Eric and Ernie are timeless – deliberately so. They avoided any topical jokes at all. I worked on one of the Christmas shows and Eric’s instructions were – no reindeer, no tinsel, no Christmas trees. I asked why and he said, because otherwise it won’t be repeated. He got it right – it was shown again at Easter.

I was friends with Eric before I started writing on the show – I’d shown him Duck Soup, with the Marx Brothers, where the famous Bring Me Sunshine dance first appeared... Groucho did it and Eric took it on. Like passing the baton. Now Miranda’s using his looks to camera – it’s appropriate... passing comedy on from generation to generation.

He was able to keep work and friendship separate. Once he asked me to write a skit for him. I took it to the production meeting with the designer, choreographer, the whole crew. He tore into my script, saying, “It won’t do, you’ve got it wrong, this needs a complete re-write.” It was humiliating. So I went off in a sulk and sat in the bar. Eric came in and said – “Why the long face?” I said, “You’ve just made a fool of me, I’m a bit annoyed”. He said, “Ah, that was in there, this is out here. What are you drinking?”
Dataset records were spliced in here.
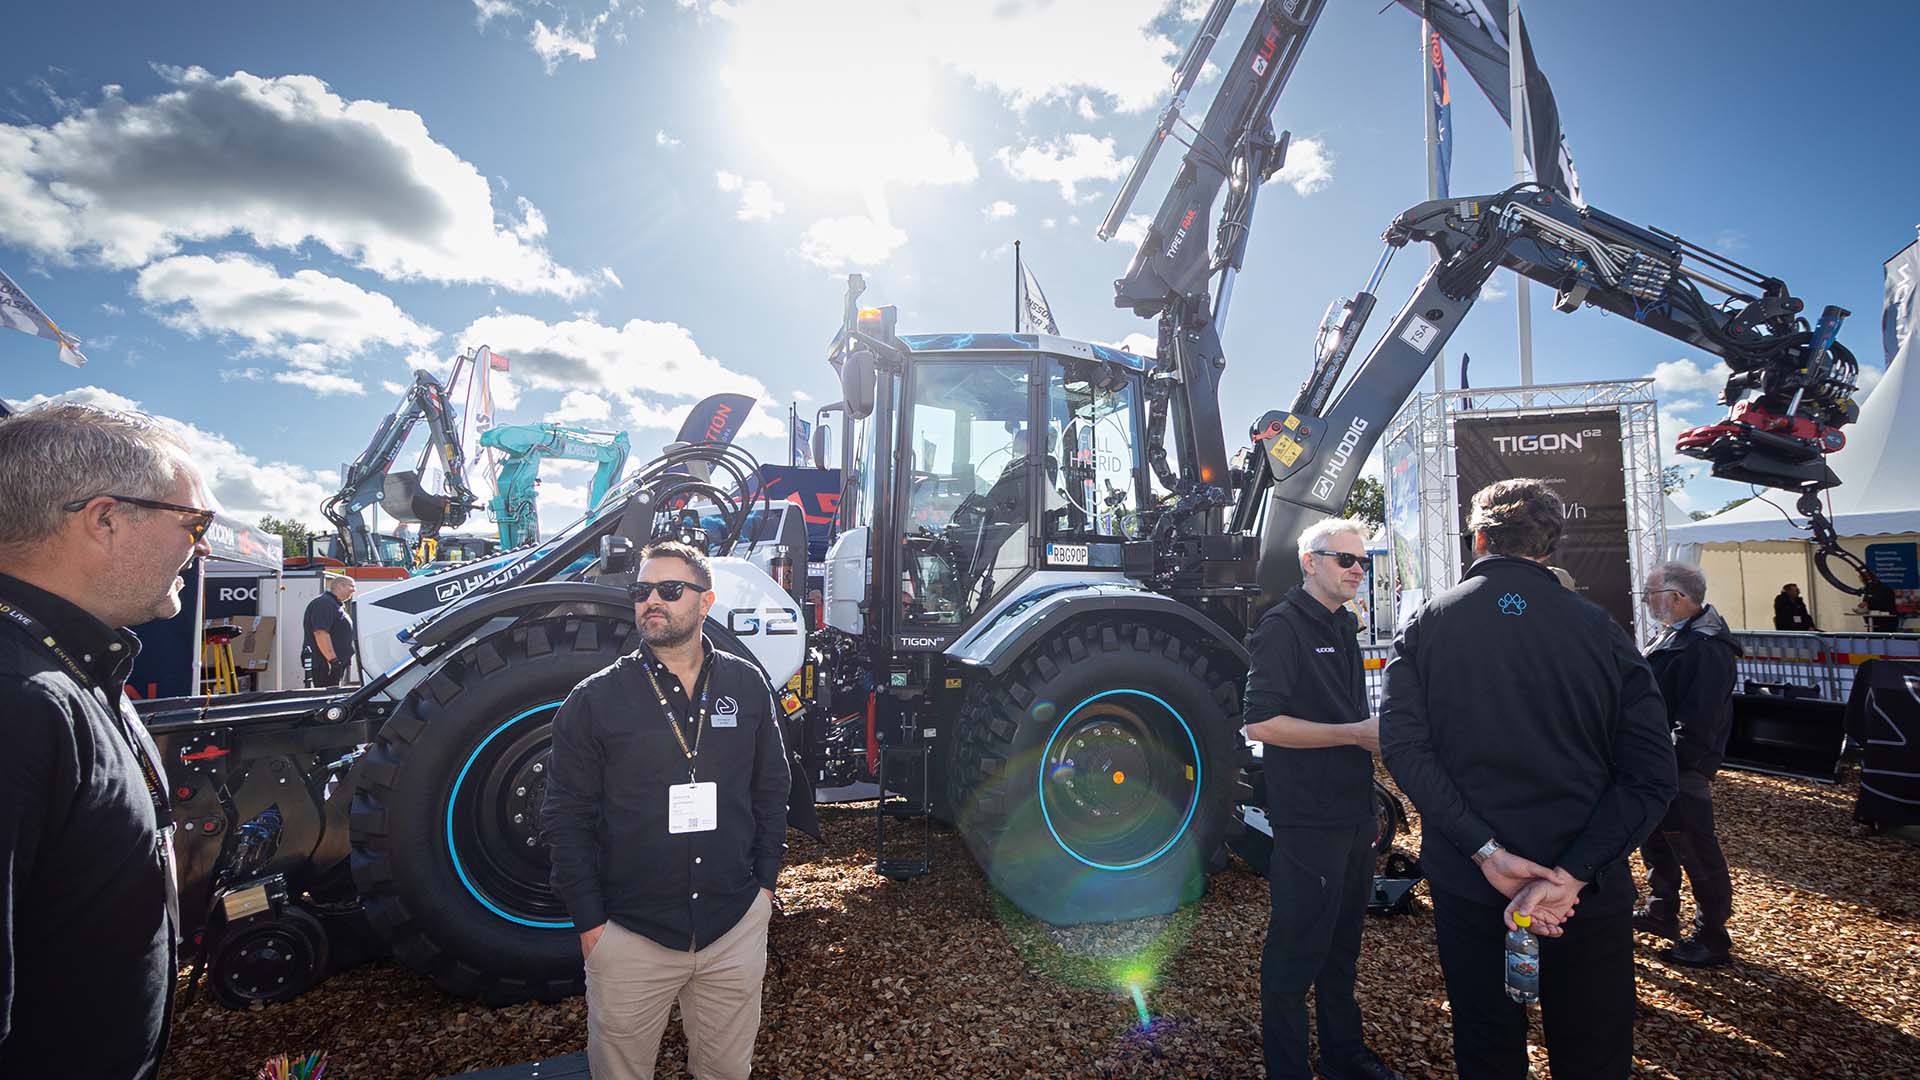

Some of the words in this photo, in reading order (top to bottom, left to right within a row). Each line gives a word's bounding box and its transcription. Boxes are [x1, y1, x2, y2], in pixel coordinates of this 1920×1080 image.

[1166, 235, 1183, 258] TYPE
[1410, 324, 1430, 344] TSA
[1325, 416, 1369, 478] HUDDIG
[1053, 547, 1087, 562] RBG90P
[9, 610, 33, 626] LIVE
[728, 607, 798, 636] G2
[900, 637, 937, 647] TIGON
Eric and Ernie were a four legged animal – they needed each other. We were at a charity function once – Ernie wasn’t there and they asked Eric to speak. He was quite shy, but he played the whole thing off me. There is a statue of Eric in Morecambe but Ernie’s not with him, which is a bit sad. Eric used to joke “He may not be the best straight man in the business, but he’s the best one I’ll ever have.”

Ant and Dec

"They're our number one"

Ant: Among double acts, Morecambe and Wise are number one. We used to come in, sit in our pyjamas on a Saturday night and laugh our heads off watching them. For a double act to work well you shouldn’t have egos. You shouldn’t worry about who gets the funny line, just that you are being funny. With us, it flips all the time. There’s no real straight man or funny man.
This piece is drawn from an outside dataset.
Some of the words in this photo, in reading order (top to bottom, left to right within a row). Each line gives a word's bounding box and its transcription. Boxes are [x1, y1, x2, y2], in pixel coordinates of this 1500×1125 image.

Dec: I’ve always loved double acts – Morecambe and Wise, Jerry Lewis and Dean Martin, Abbott and Costello. We did a routine, for a while, that was a deliberate homage to Eric and Ernie. People often ask what’s the secret of our success and I used to put it down to something that happened, but getting older and reflecting on it, I think it’s friendship. Ours is a career built on a friendship, not a friendship built on a career.

Victoria Wood

"They never fell out"

I really like what they did and the more I learn about them, the more I admire them. I find their work ethic really appealing. They were working every night of the week in different theatres before they were on TV in the 1970s, so they had honed their act to perfection. It is such a great story – they were together for such a long time and they didn’t fall out. Something which other double acts couldn’t seem to manage. It’s not one of those sad stories where you find out that in fact they hated each other.
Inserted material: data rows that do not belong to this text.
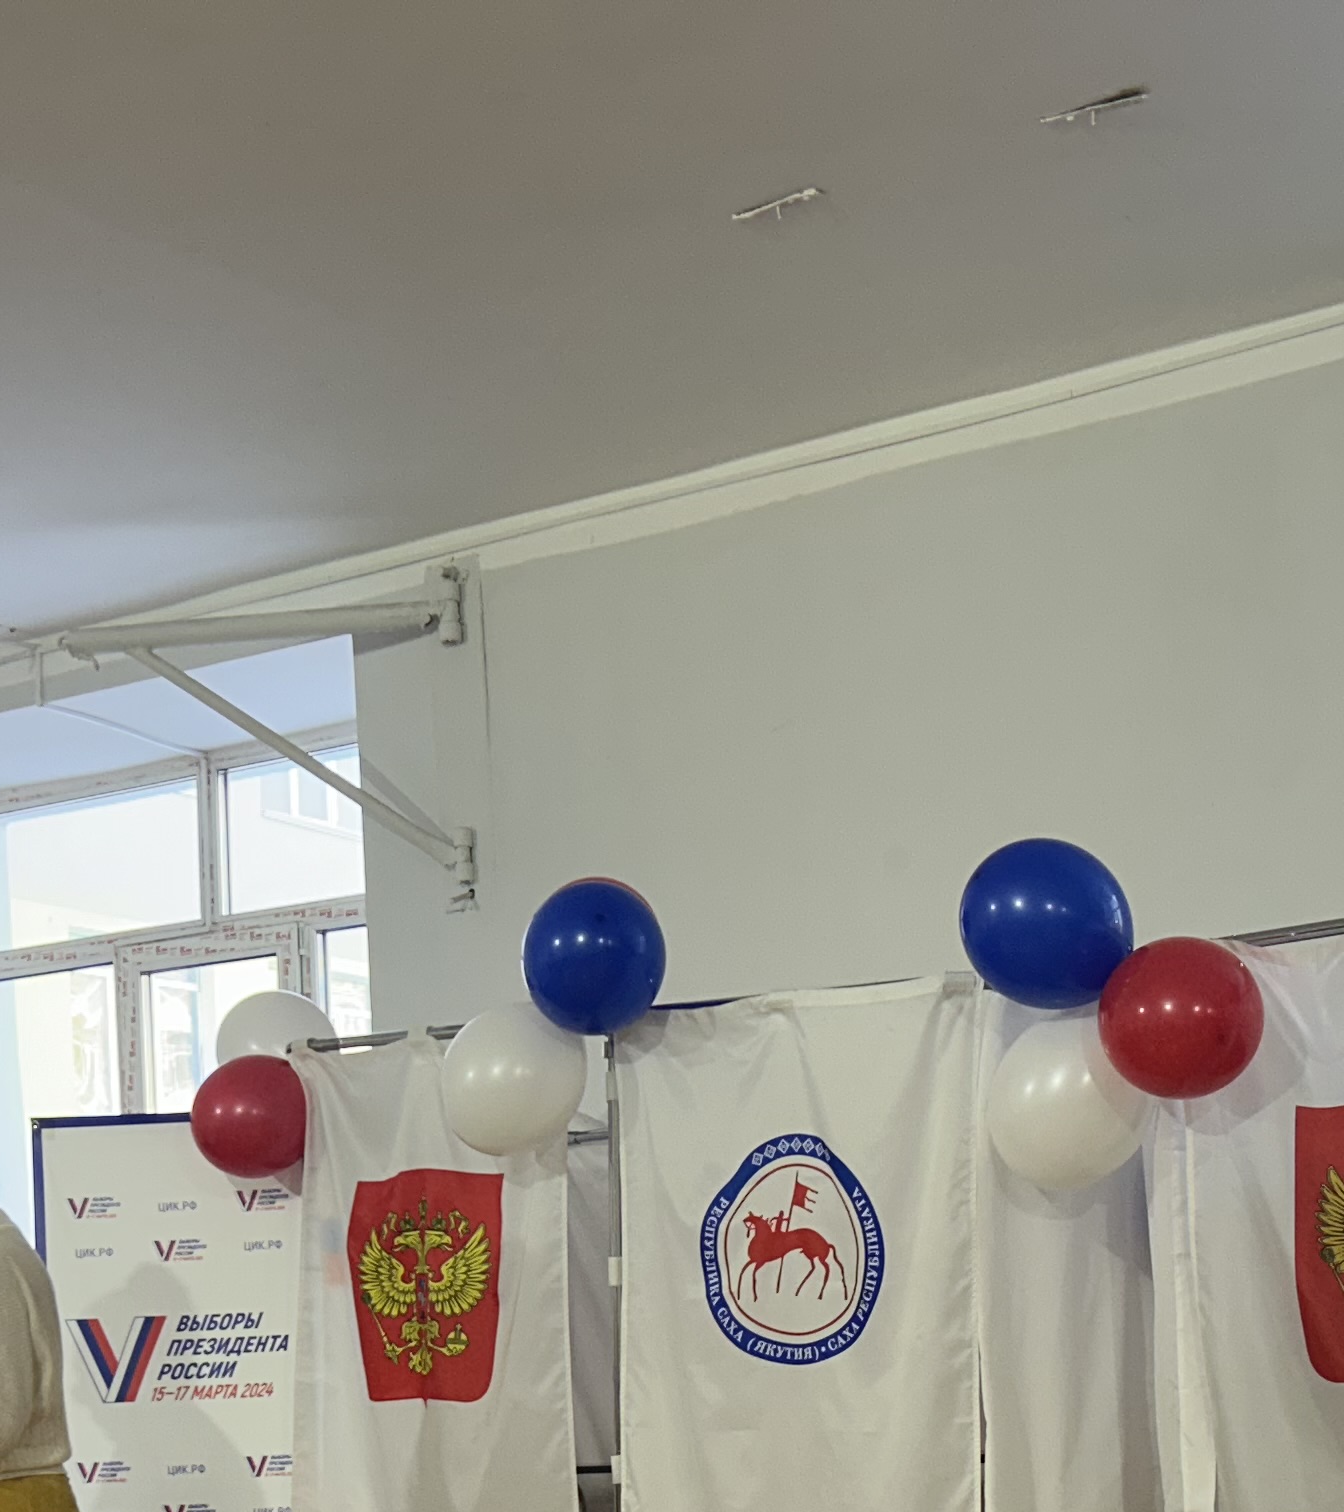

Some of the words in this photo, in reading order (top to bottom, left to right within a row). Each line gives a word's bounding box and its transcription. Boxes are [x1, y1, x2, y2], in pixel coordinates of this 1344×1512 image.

[157, 1201, 198, 1213] ЦИК.РФ
[75, 1247, 114, 1259] ЦИК.РФ
[244, 1240, 283, 1252] ЦИК.РФ
[704, 1196, 730, 1306] РЕСПУБЛИКА
[717, 1307, 743, 1343] САХА
[746, 1337, 819, 1360] (ЯКУТИЯ)
[176, 1312, 264, 1332] ВЫБОРЫ
[166, 1334, 290, 1357] ПРЕЗИДЕНТА
[827, 1322, 860, 1351] САХА
[157, 1361, 237, 1381] РОССИИ
[191, 1384, 239, 1400] МАРТА
[240, 1382, 274, 1399] 2024
[167, 1464, 206, 1476] ЦИК.РФ
Some of their work such as the routine they did with the conductor André Previn was classic TV. They were intelligent men who would have found a way to succeed today even if it seems harder for working-class double acts to make it these days.

I met Eric once – in a lift at the Midland Hotel in Manchester in 1978. I’d been drinking in the bar earlier so the only thing I could say when I saw him was: “Oh, it’s Eric Morecambe.”

He said: “You’re that girl from Morecambe.” I was living in his hometown at the time and had been in the papers for writing a play called Talent – and that was the end of our conversation. I never saw him again. I really wish we’d had a proper chat.

Ernie was hugely vital to the double act. What he does is very clever, but it’s very unnoticeable. If you replaced him with someone else, it wouldn’t work. They have a chemistry. There’s something about Ernie’s loveability, and his pomposity – which is not his own, it’s like an invented character. Eric’s the daft, annoying child, and Ernie is like the grown up, trying to get on with something serious, like a play. And Eric is sticking his head round the curtain.

My drama Eric & Ernie ended with their TV debut Running Wild. It was a flop. Eric kept one review in his wallet. It said, “A definition of television – the box they buried Morecambe and Wise in.” I think he kept it partly because it was terribly hurtful, and partly because it was something he overcame. He had the last laugh when they were the biggest thing on television and nobody’s ever matched their ratings.

Ben Miller

"We want to believe they shared everything - even a bed"

What I really like about Morecambe and Wise is that they’re a double act with history. The thing that connects you with them is that there was a real relationship there. Their history is fascinating. You never really grasp that until you see a picture of them in their teens. Eric looks nothing like his middle-aged, comic self – he looks more like a character from The Beano.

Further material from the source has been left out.